The Browns had been expected to waive Manziel on Wednesday, when free agency opened and the league began its new calendar year. The team, though, waited to see if they could find a team interested in making a trade, that way they wouldn’t have to pay Manziel the $2.1 million he’s still owed for the next two years.
But nobody wanted to give up anything for Manziel, who was in Vegas last weekend and has been spotted in nightclubs around Los Angeles the past few days.
Manziel played in 14 games for the Browns. He passed for 1,675 yards with seven touchdowns and seven interceptions.
And now that he’s no longer with the Browns, Manziel has other issues to handle.
On Feb. 25, Dallas police referred their domestic violence case against him to a grand jury, which will exam evidence against Manziel. His ex-girlfriend, Colleen Crowley, accused Manziel of striking her in the head during a night out on Jan. 30. Crowley told police Manziel hit her so hard, she temporarily lost hearing in one ear.
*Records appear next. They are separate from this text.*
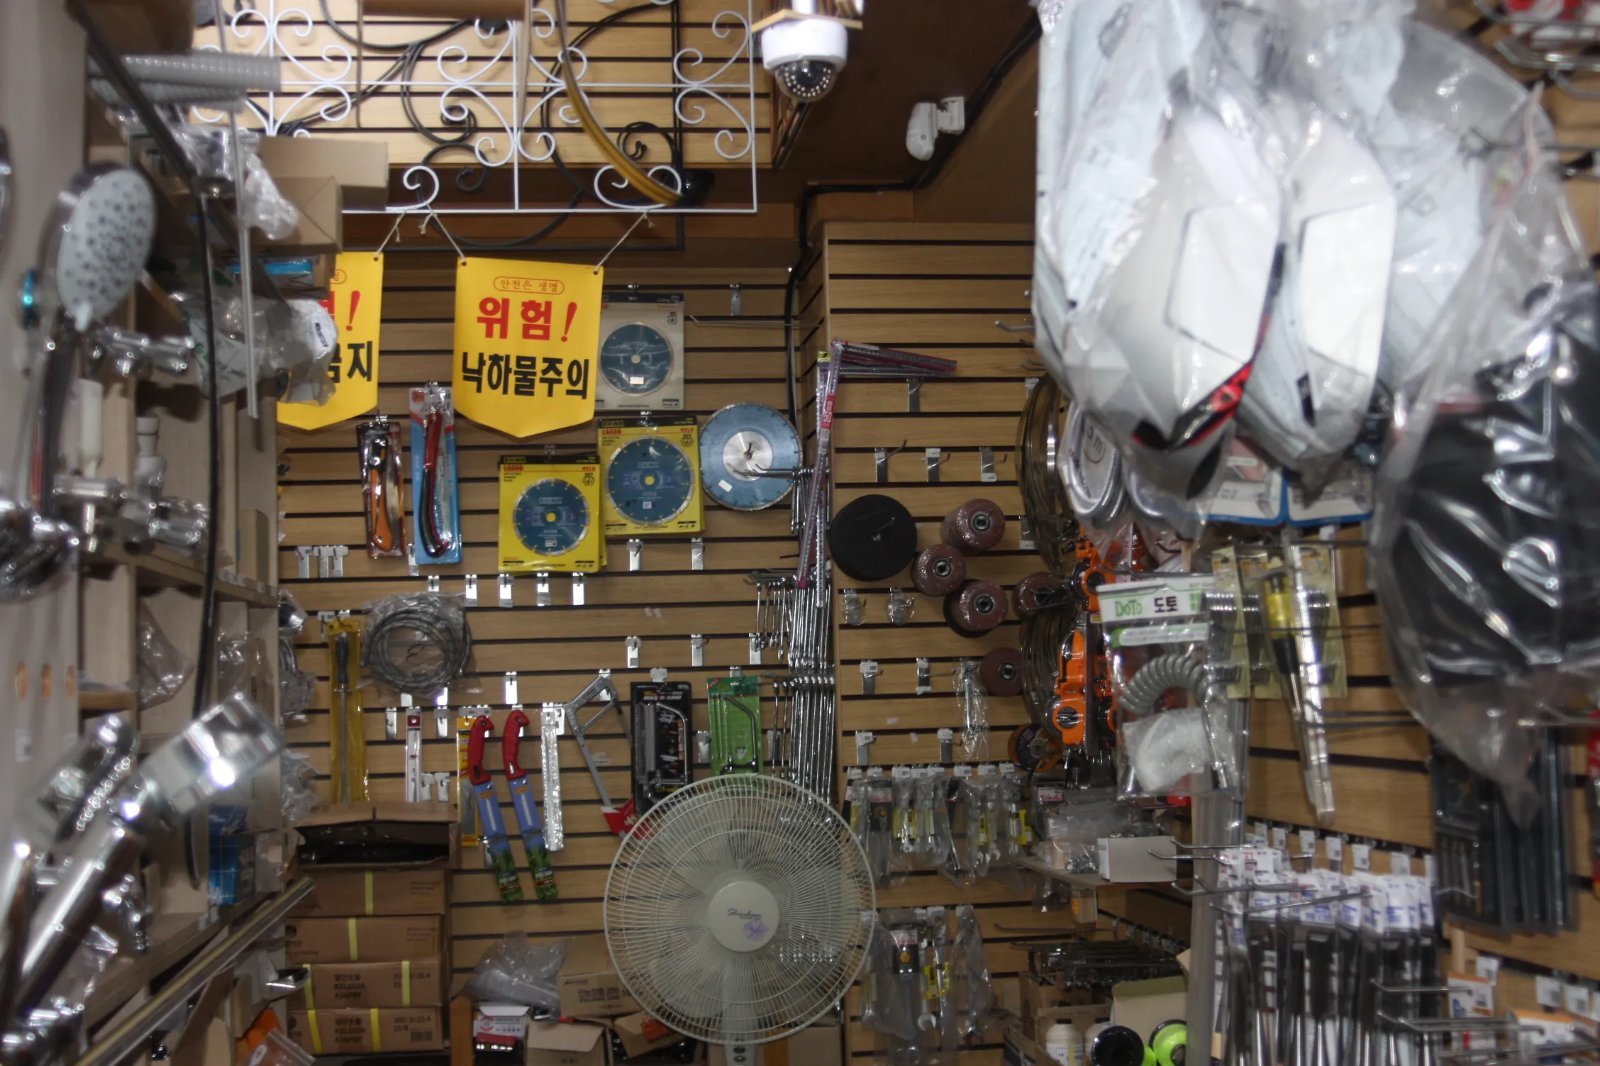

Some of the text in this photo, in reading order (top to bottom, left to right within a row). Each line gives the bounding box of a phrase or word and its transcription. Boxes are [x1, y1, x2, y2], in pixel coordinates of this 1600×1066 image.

[500, 279, 559, 293] 안전은 생명
[476, 296, 578, 343] 위험!
[461, 351, 590, 400] 낙하물주의
[1153, 596, 1179, 614] 도토
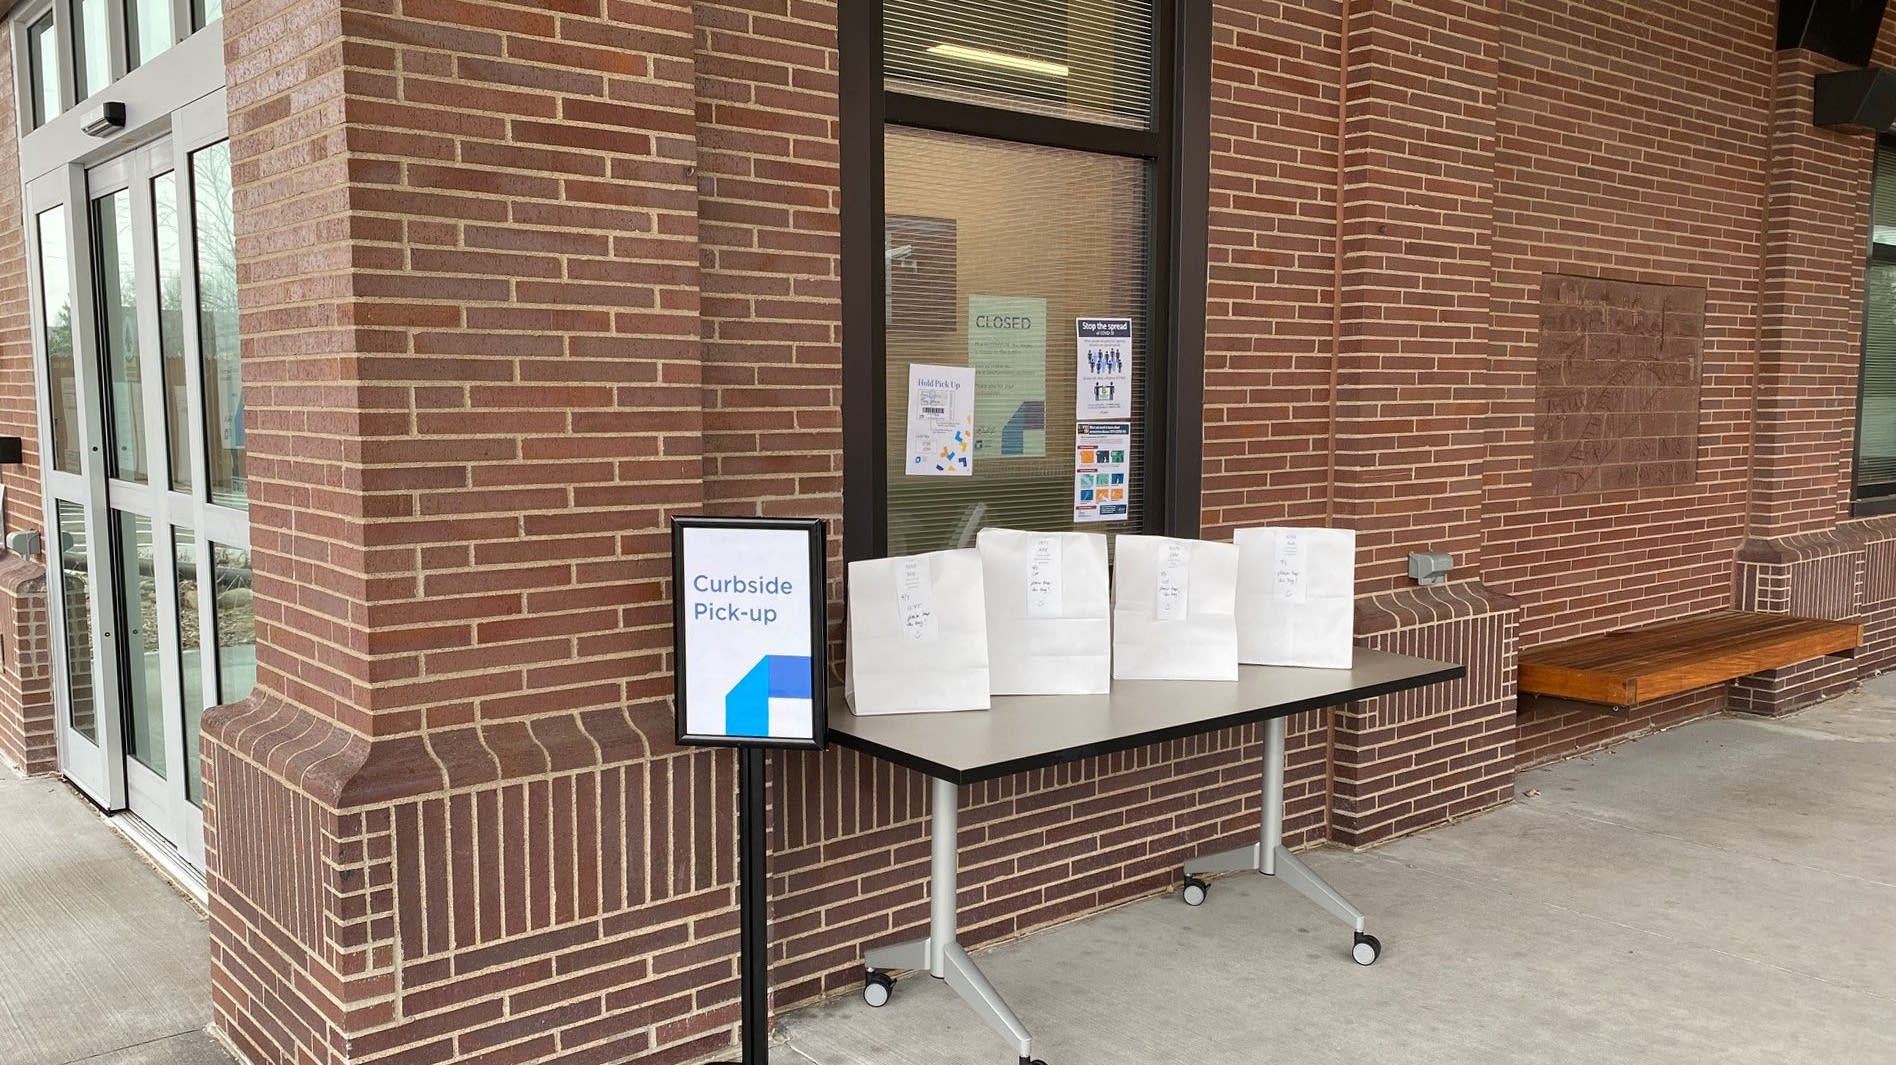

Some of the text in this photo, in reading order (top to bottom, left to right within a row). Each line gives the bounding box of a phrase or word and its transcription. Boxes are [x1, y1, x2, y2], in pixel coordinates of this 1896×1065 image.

[976, 315, 1031, 329] CLOSED
[1082, 321, 1127, 332] Stop the spread
[918, 378, 960, 389] Hold Pick Up
[693, 574, 793, 595] Curbside
[694, 603, 777, 625] Pick-up
Manziel is also being investigated by the NFL, which could suspend him for his off-field behavior. He was cleared by the league in October following a similar incident with Crowley.
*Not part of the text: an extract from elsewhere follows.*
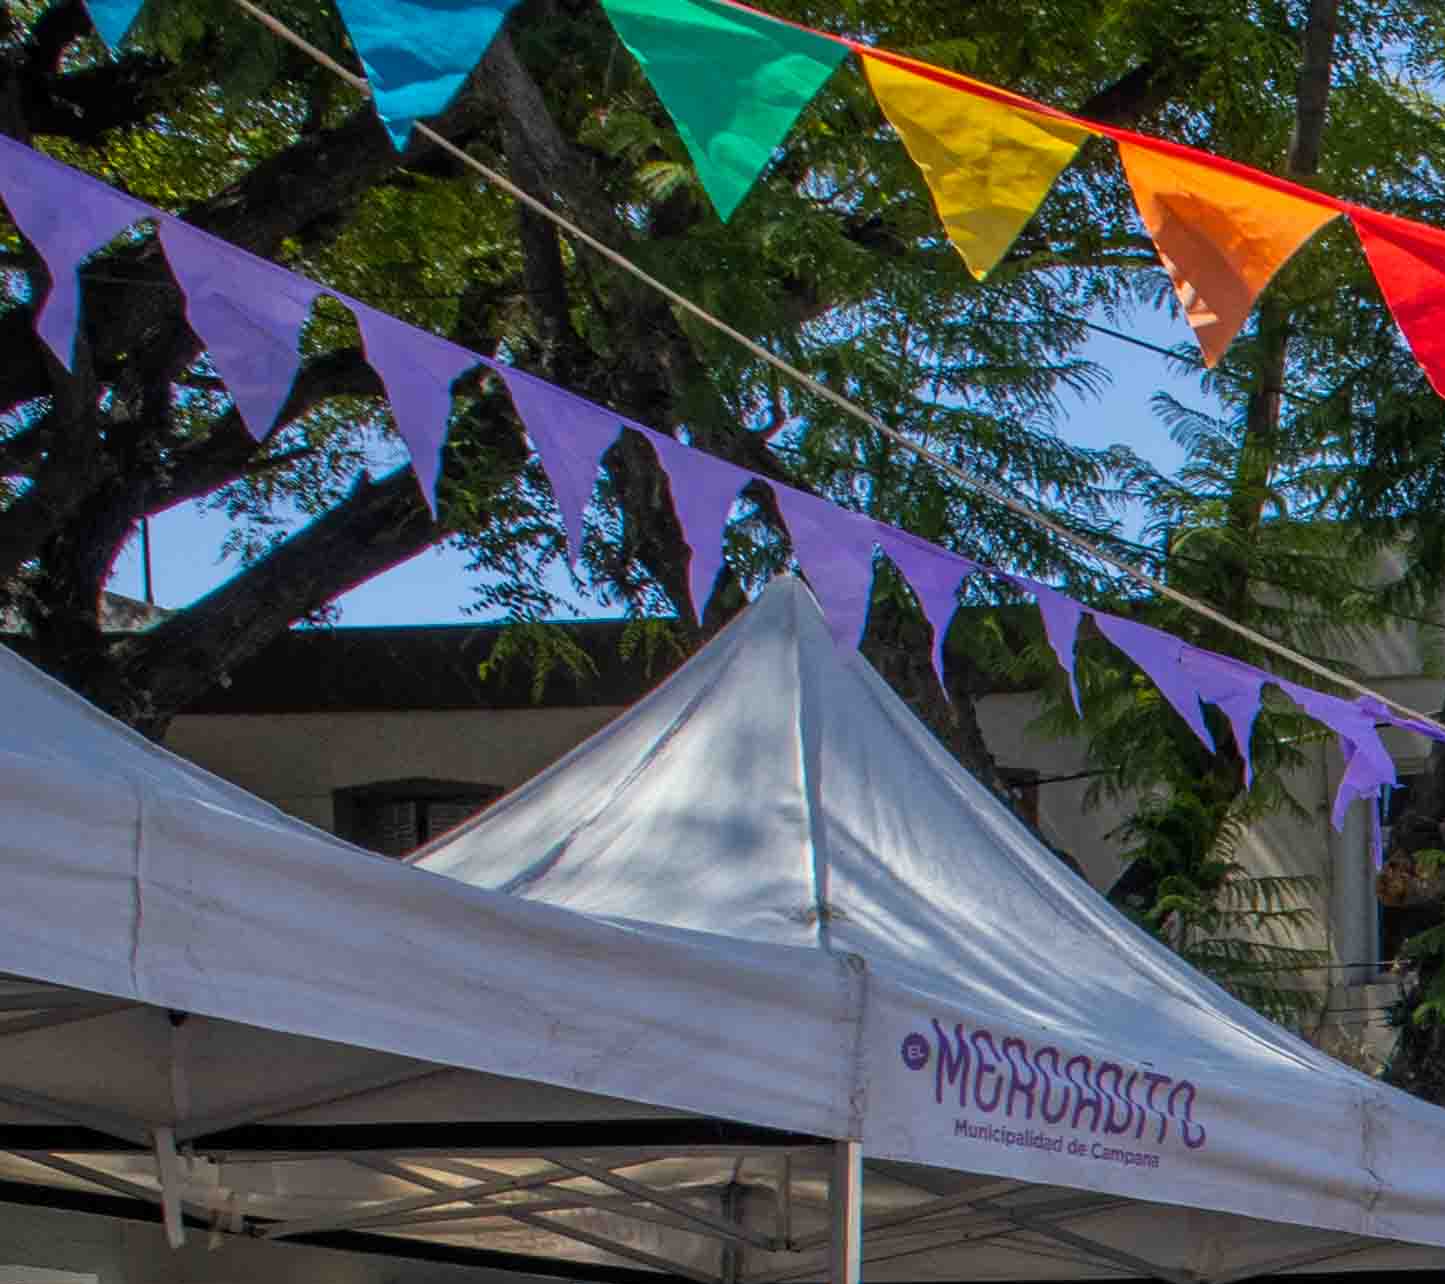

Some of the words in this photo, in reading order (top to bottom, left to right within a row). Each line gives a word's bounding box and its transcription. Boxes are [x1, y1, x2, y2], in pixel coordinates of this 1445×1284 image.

[931, 1017, 1206, 1149] MERCADITO
[954, 1119, 1064, 1153] Municipalidad
[1067, 1139, 1088, 1157] de
[1090, 1142, 1160, 1168] Campana
With Manziel gone, the Browns will take another swing at finding a franchise quarterback in this year’s draft or through a trade. They have the No. 2 overall pick, and it’s safe to assume they’ll be even more diligent in checking backgrounds on candidates after their failed experience with Manziel.
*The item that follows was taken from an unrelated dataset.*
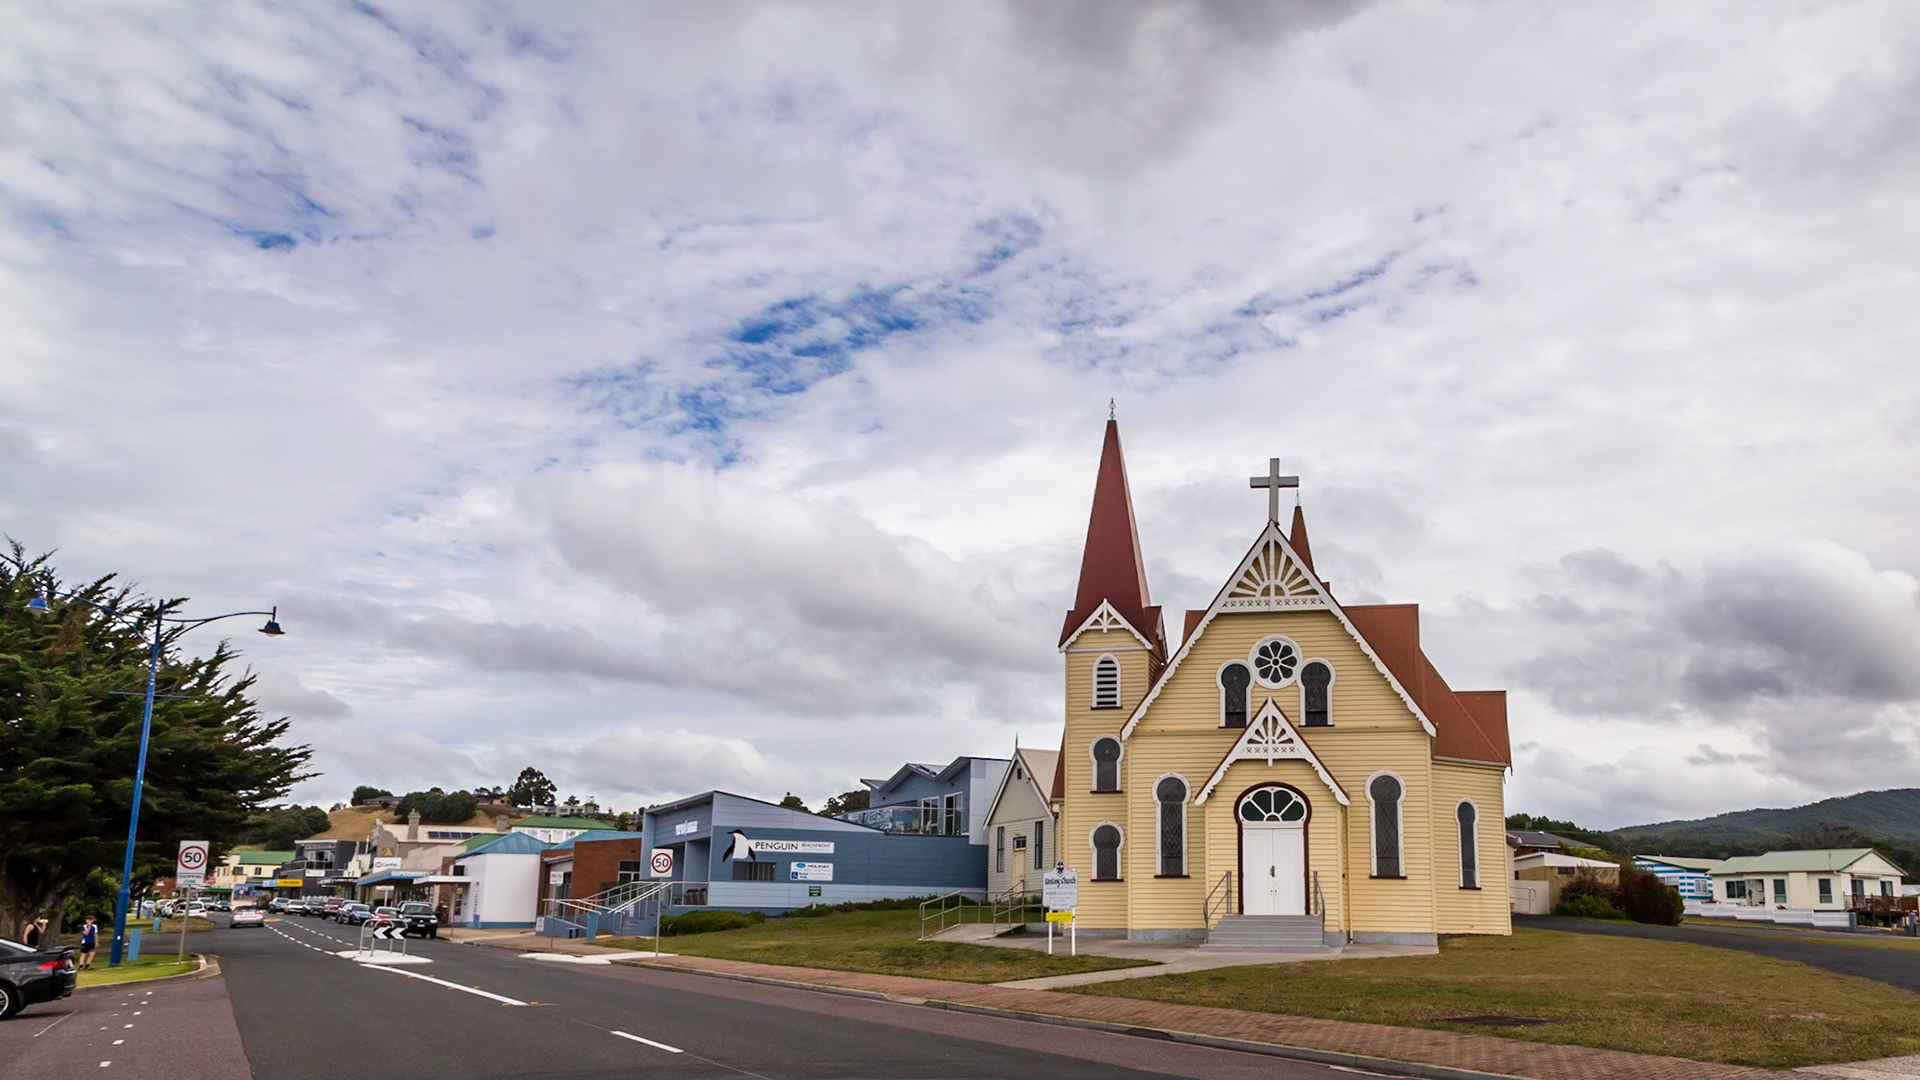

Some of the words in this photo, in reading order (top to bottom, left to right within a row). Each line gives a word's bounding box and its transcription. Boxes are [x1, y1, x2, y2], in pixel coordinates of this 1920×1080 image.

[755, 841, 798, 851] PENGUIN
[184, 852, 202, 863] 50
[655, 857, 669, 868] 50
[1060, 876, 1076, 884] Church
It all began with such promise.
As he sat backstage inside New York’s Radio City Music Hall on draft day, Manziel famously sent a text to a Browns assistant coach urging the team to take him so they could “wreck this league” together. Although other teams passed on the Texas A&M star, the Browns traded two picks to move up and take him with the No. 22 pick, a selection they would later regret.
There were disturbing signs before he got to his first training camp as Manziel was photographed floating on an inflatable swan while swigging champagne.
The Browns had concerns, but there was no denying his impact on Cleveland’s die-hard fans, still waiting for a Super Bowl appearance. The quickly scooped up tickets and cleared off store clothing racks of his No. 2 jerseys during the early stages of “Manzielmania.”
He started his rookie season as Josh McCown’s backup and barely got on the field before getting his first extended action in Cleveland’s 12th game. Manziel ran for a touchdown in the fourth quarter at Buffalo, celebrating by rubbing his fingers together and flashing his signature “money” salute, a gesture he later ditched after being taunted with it by opponents.
Manziel’s first career start couldn’t have gone worse. He threw two interceptions and was sacked three times in a 30-0 loss to Cincinnati. The following week he sustained a hamstring injury that ended his season, and Manziel was suspended by coach Mike Pettine for the finale when he failed to show up for the team’s walk-through.
Following his rookie season, Manziel said he regretted not taking his job more seriously and vowed to come back better. In January, he entered a treatment center to get help for an unspecified addiction. He left after 73 days, and there was hope Manziel had exorcised demons.
The Browns stood by Manziel. Pettine named him starter in Week 9, and Manziel showed promise against Cincinnati and Pittsburgh. Manziel, though, was demoted to third string after a video surfaced of him partying during the team’s bye week.
Manziel returned to the starting lineup when McCown broke his collarbone and led the Browns to a win over San Francisco. He made two more starts, but sustained a concussion on Dec. 27 at Kansas City.
Manziel wasn’t required to be at Cleveland’s finale, but he skipped a required medical checkup and the team wasn’t sure of his whereabouts amid reports he was in Vegas, hitting the clubs while wearing a disguise.
The alarming events involving Crowley in Texas, including police using a helicopter to locate Manziel, who indicated he might harm himself, were the final straw for the Browns.